I knew the trails but noting else. Couldn’t work out what the hell was going on under the tyres or on the pedals. Everything felt new and awkward. Nothing worked, gentle pushes on the bar or full blooded attempt to take the trail by the tail. I knew exactly where we were but I was lost. No reference points, no feel for the trail, no tactical solutions. No idea at all. It wasn’t a happy ride other than the bit where it finished without a bark splattered Al.

This wasn’t the bike I demo’d. It wasn’t anything fun at all. Clearly the problem couldn’t be with me, so a list of possible fixes filled my head as two days later the bike was unloaded on a blissfully quiet FoD***. First climb, horrid. Bouncy, thrutchy, too much rebound, it was the lilac sofa on wheels. Just nasty. Pack off, shock pump out, few quick inflations justified by the worryingly svelte-not of Al. Better, but still not right. The bike felt heavy and dead, and it just didn’t want to go.

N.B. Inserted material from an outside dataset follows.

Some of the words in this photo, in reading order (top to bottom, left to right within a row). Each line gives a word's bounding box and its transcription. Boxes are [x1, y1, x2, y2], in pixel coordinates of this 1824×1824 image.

First descent. Nearly planted myself into a tree. I realise there is a common theme here. Lists again; most likely place to have an accident 1: tree 2: tree 3: tree 4:tree …. 10:rock 11: rock in front of a tree, etc. Even in the Malverns where there aren’t many trees, I’ve still hit most of them. It’s a skill. So even less svelte than was my post holiday delusion. Fuck it, get pumping like a porn star and wind out the unwanted bronco. Rode the section again, lots better but still not right. Repeat until the magic settings coalesced into some proper carving turns, a pop off a jump and a big grin.

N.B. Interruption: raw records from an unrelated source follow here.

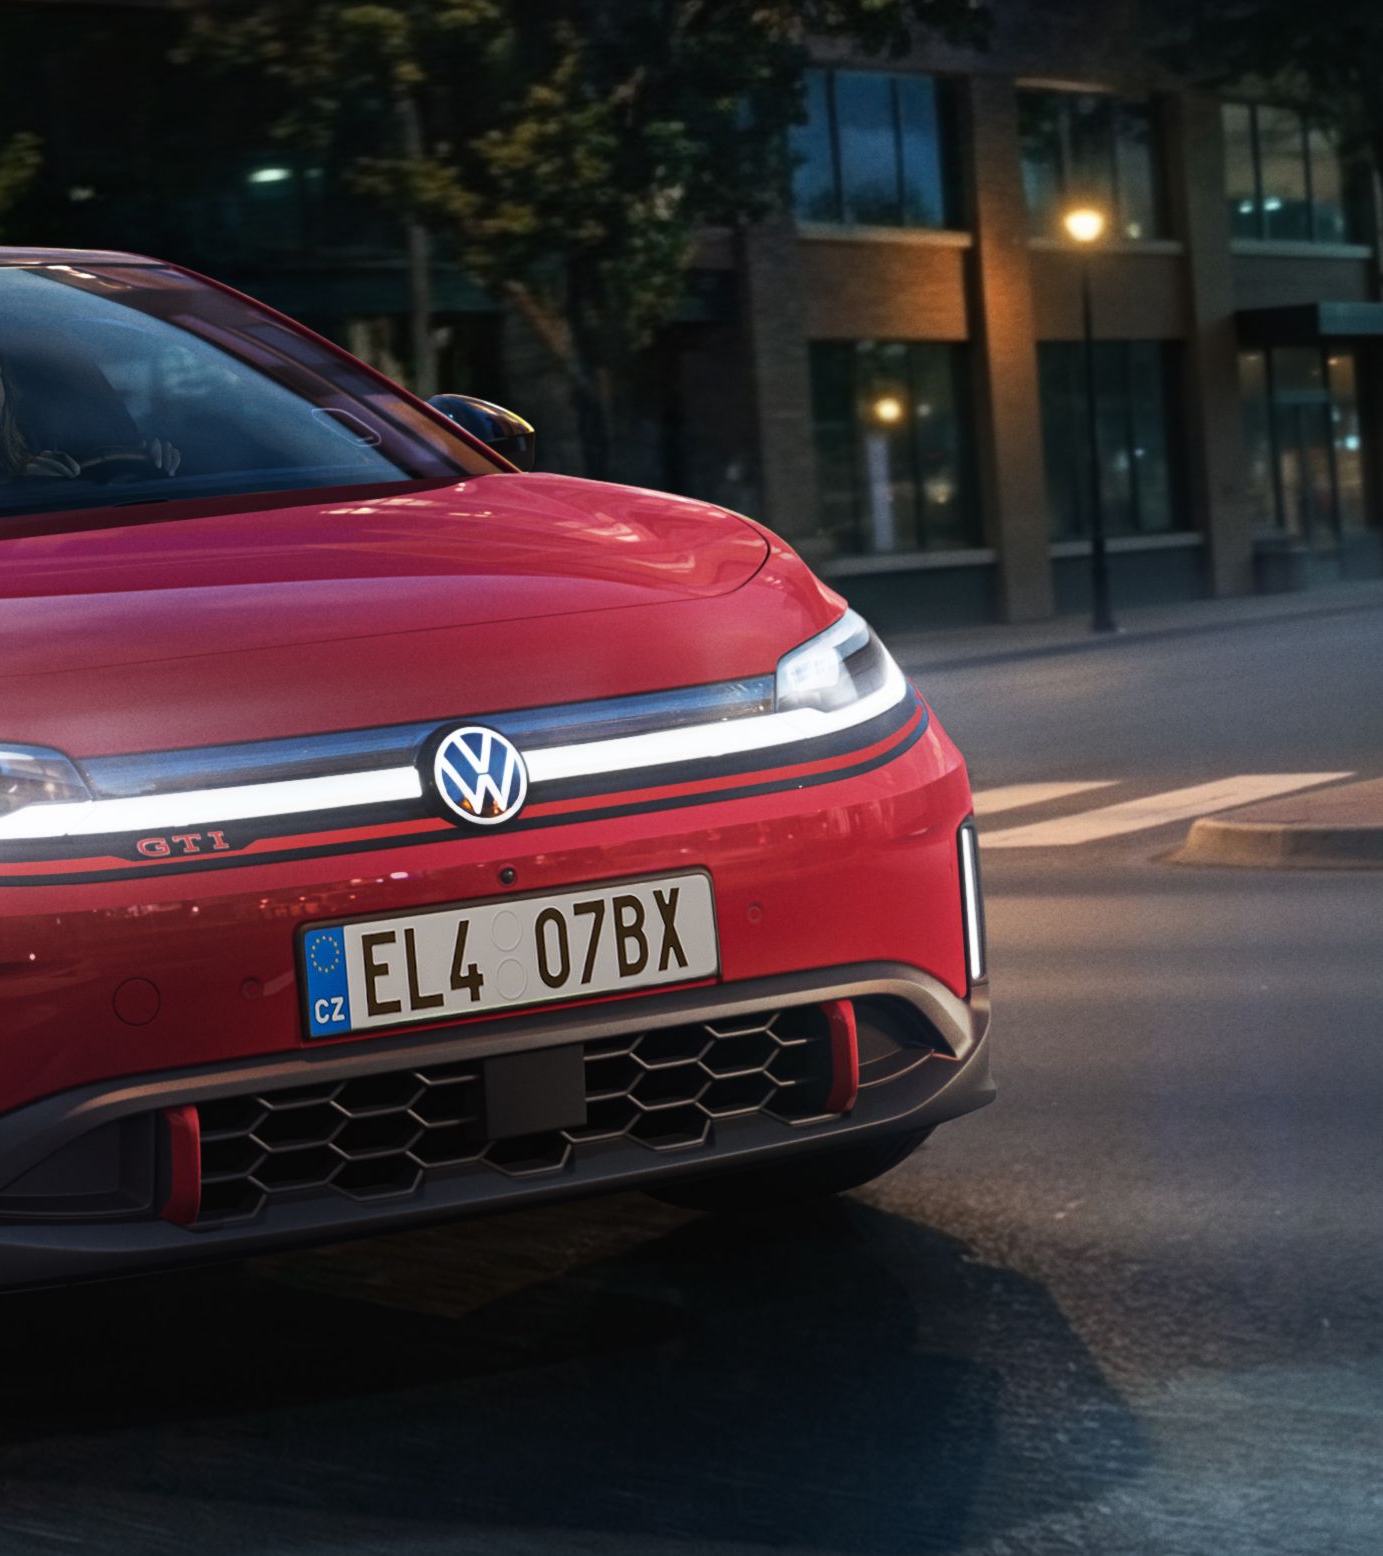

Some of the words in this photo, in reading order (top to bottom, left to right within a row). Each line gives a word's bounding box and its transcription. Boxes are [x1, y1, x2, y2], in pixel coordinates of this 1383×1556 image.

[434, 726, 527, 825] VW
[136, 830, 230, 857] GTI
[361, 920, 484, 1018] EL4
[534, 887, 688, 990] 07BX
[314, 996, 345, 1025] CZ

Close enough. Rode the rest of the trail without a pause. Took it easy on the last descent because mud and new bikes are not speedy bedfellows. Took 15 seconds off my best time. It’s absolutely all about the bike. Even factoring in purchase anxiety, this is a truly phenomenal bit of kit. A frankly ridiculous six inches of travel but not a wallowy uphill mess. Endless traction but still plush climbing over rocks. Mad poppy fun off jumps but still running through the travel. Stiff as a teenage boy with his first copy of the Internet, but low slung and playful in the bends.

I shall need to up my game by some distance to get anywhere near what this bike can do. Designer Cy suggest the simple technique of death-gripping the bars and focussing on some distant dot on the horizon. I’ve been trying this lately with some mildly astounding results. Including keeping up with my Orange-5 shod riding pal who previously gapped me on every descent. But I’m absolutely aware that the bike can only take me so far, and I’m probably not brave enough to meet it even half way.

Still I’m going to have a lot of fun trying. I wasn’t sure what I lost by selling the ST4. And I’m not sure exactly what I’ve found with the Rocket. It’s not a sit down skills compensator. It doesn’t take a trail and sanitise the difficulty so sir can get on with admiring the view. It demands you come to the party and leave your list of excuses at home.

There very little here not to like.

* Illustrative point here. Northern carriers of the Y chromosome have no concept of lilac. The more cultured may believe it is some form of plant. It is never a colour.

** But not totally. For that look in the book of excuses marked ‘lack of bravery’.

*** This was when I could still ride on a weekday. Before a job turned up and demanded my attention. It’s playing bloody hell with my Strava performance.